Task objective:
Everything from the line with "this 1080×1920 image." through the end of the entries must be transcribed exactly; no other lines belong in the answer.

********

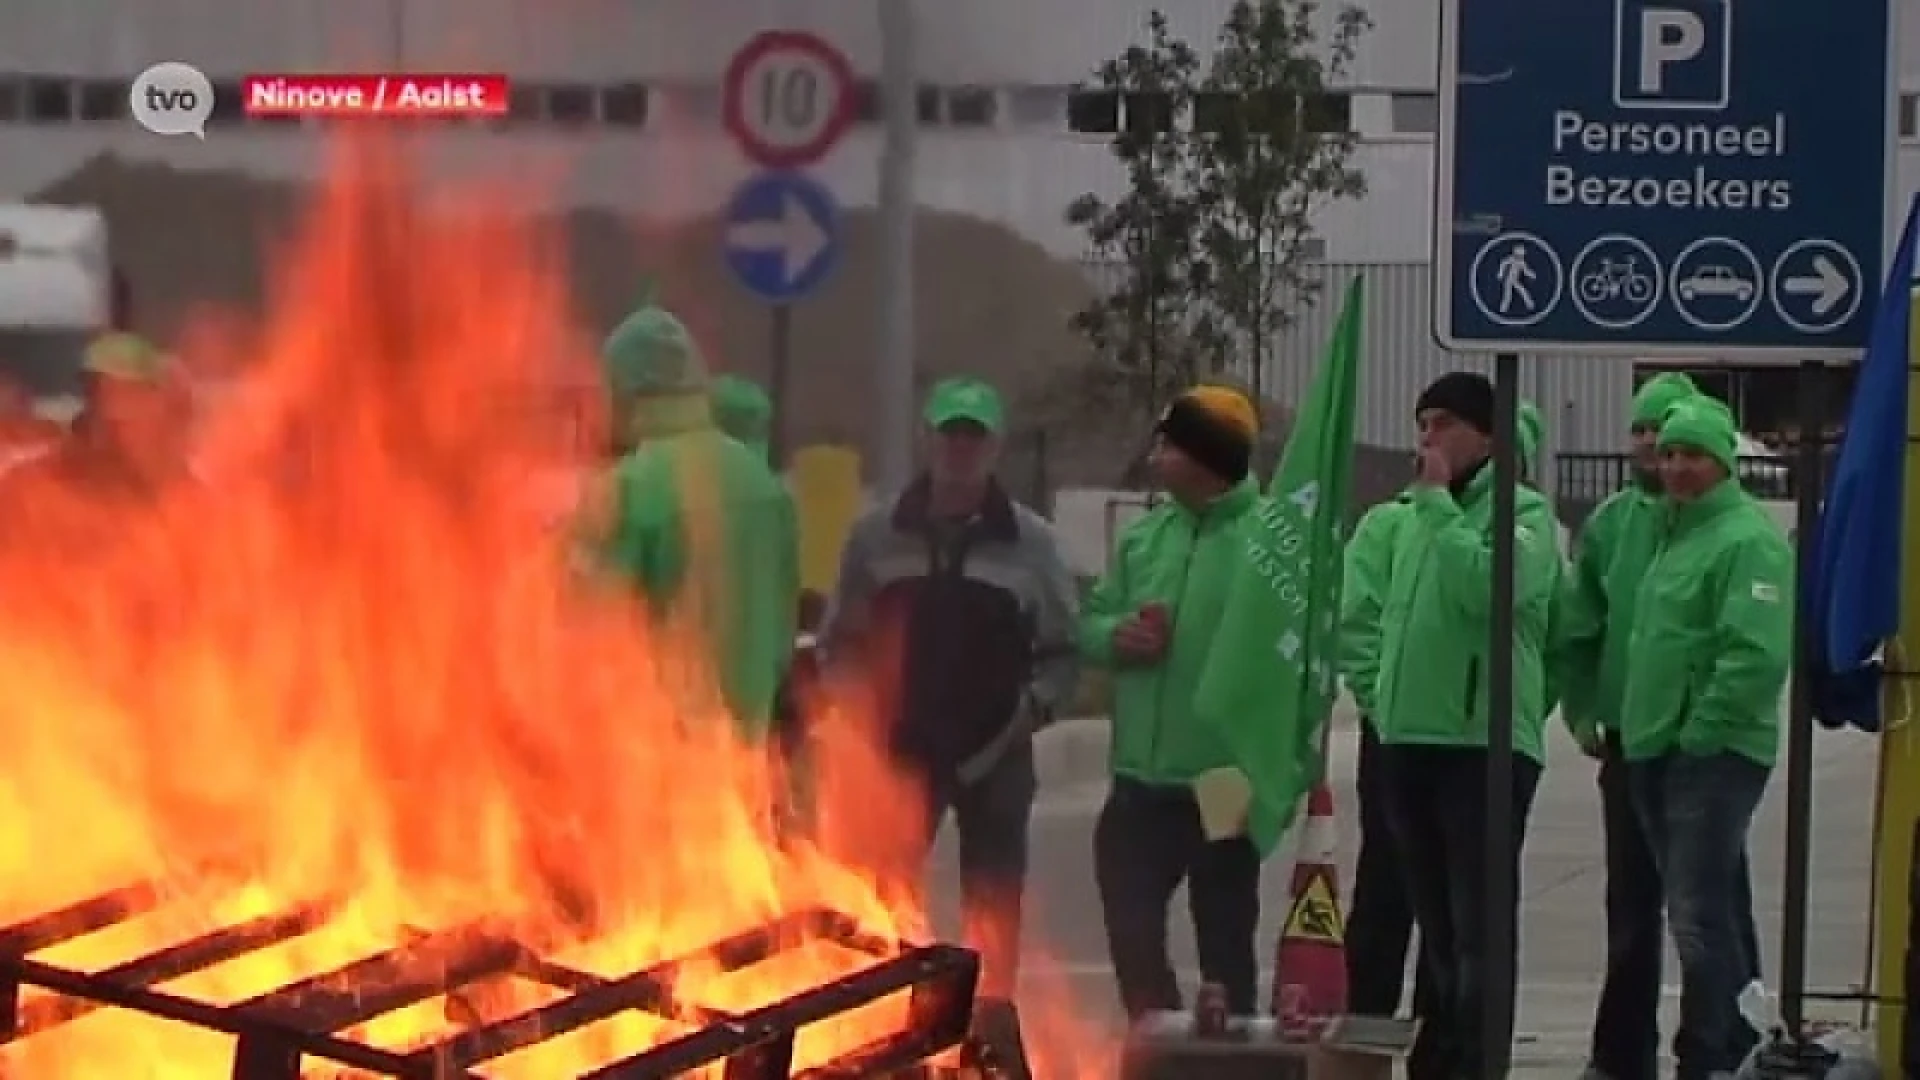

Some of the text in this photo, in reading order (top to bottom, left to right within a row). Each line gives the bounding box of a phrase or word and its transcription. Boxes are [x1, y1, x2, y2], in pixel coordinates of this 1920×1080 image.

[1640, 10, 1705, 92] P
[762, 66, 817, 128] 10
[1553, 110, 1785, 157] Personeel
[1547, 164, 1792, 210] Bezoekers
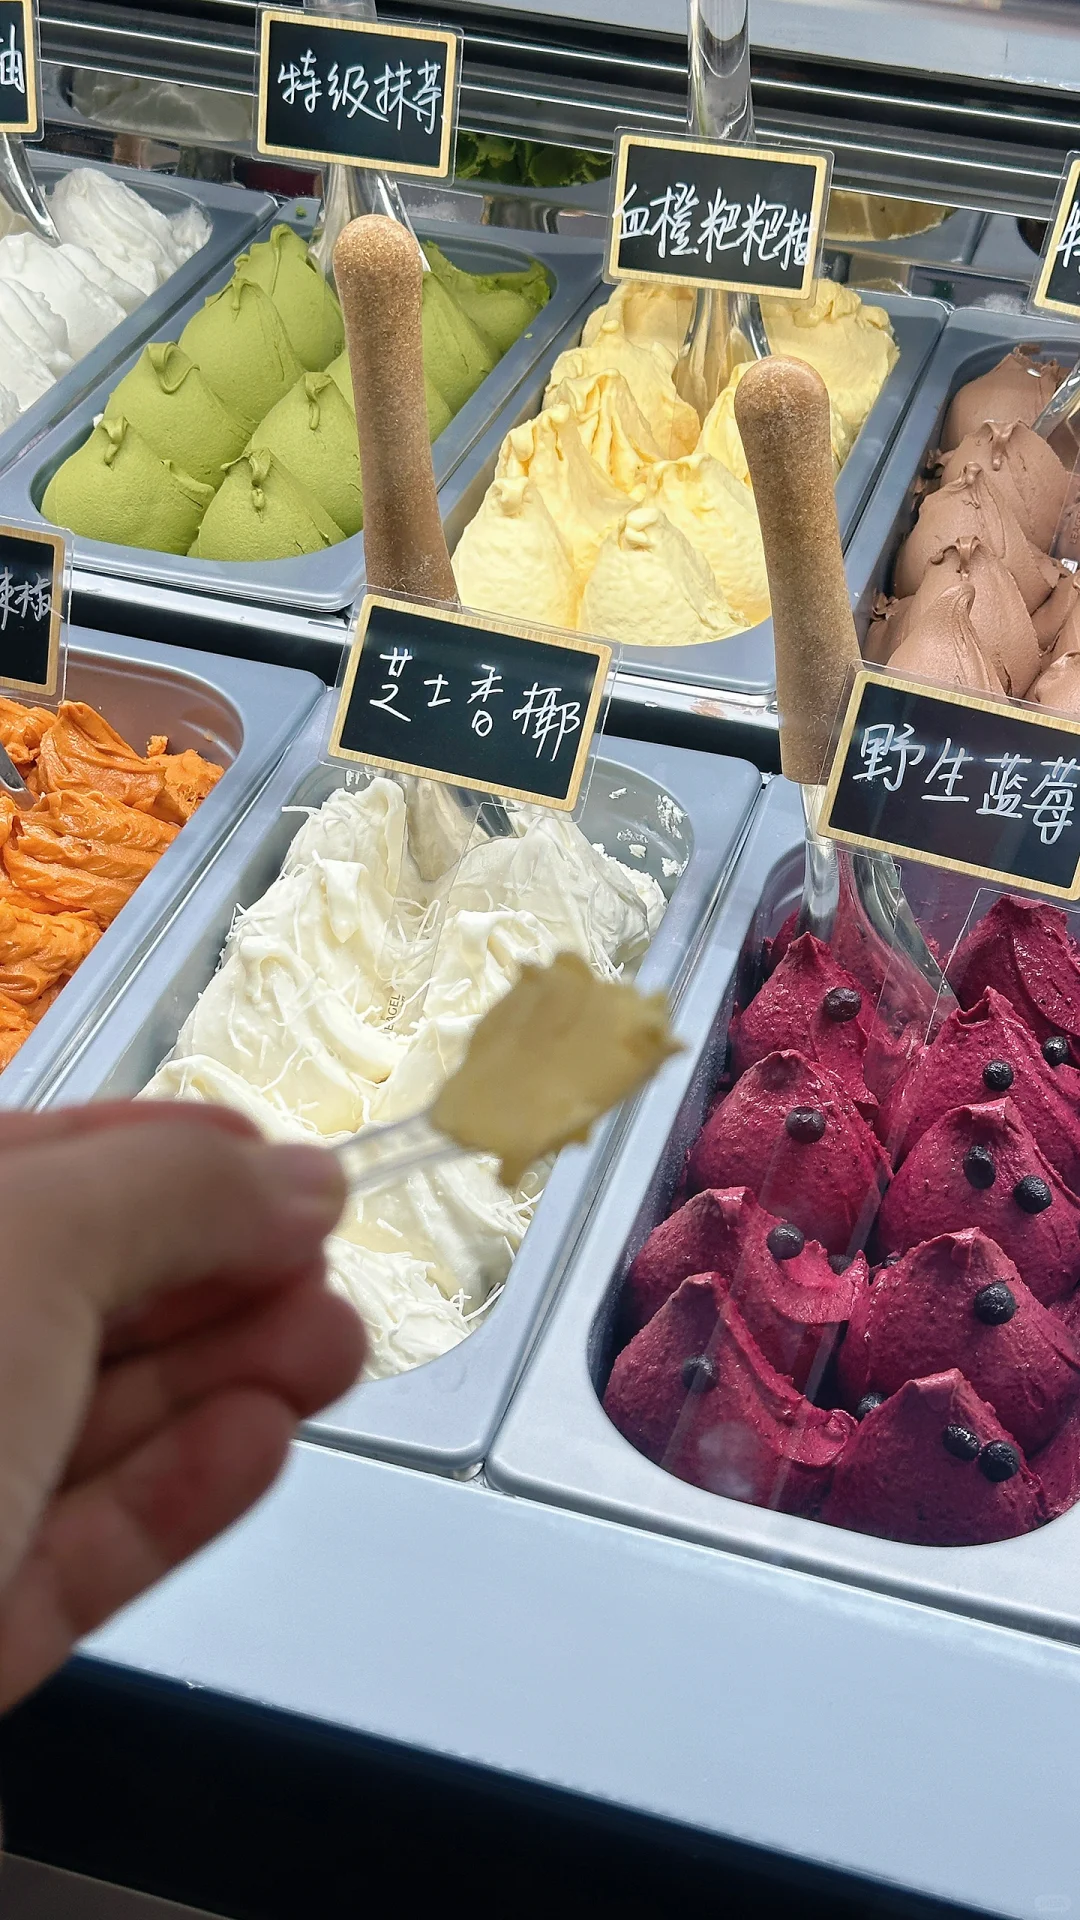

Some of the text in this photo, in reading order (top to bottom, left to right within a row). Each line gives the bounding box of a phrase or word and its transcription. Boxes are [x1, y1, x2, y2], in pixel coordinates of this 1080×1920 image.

[277, 48, 442, 135] 特级抹茶
[369, 647, 581, 762] 芝士香椰
[852, 723, 1080, 845] 野生蓝莓

********

Solution:
Some of the text in this photo, in reading order (top to bottom, left to right within a row). Each line gives the bounding box of a phrase or word and its transcription. Boxes are [x1, y1, x2, y2], in pixel coordinates of this 1080×1920 image.

[277, 48, 442, 135] 特级抹茶
[369, 647, 581, 762] 芝士香椰
[852, 723, 1080, 845] 野生蓝莓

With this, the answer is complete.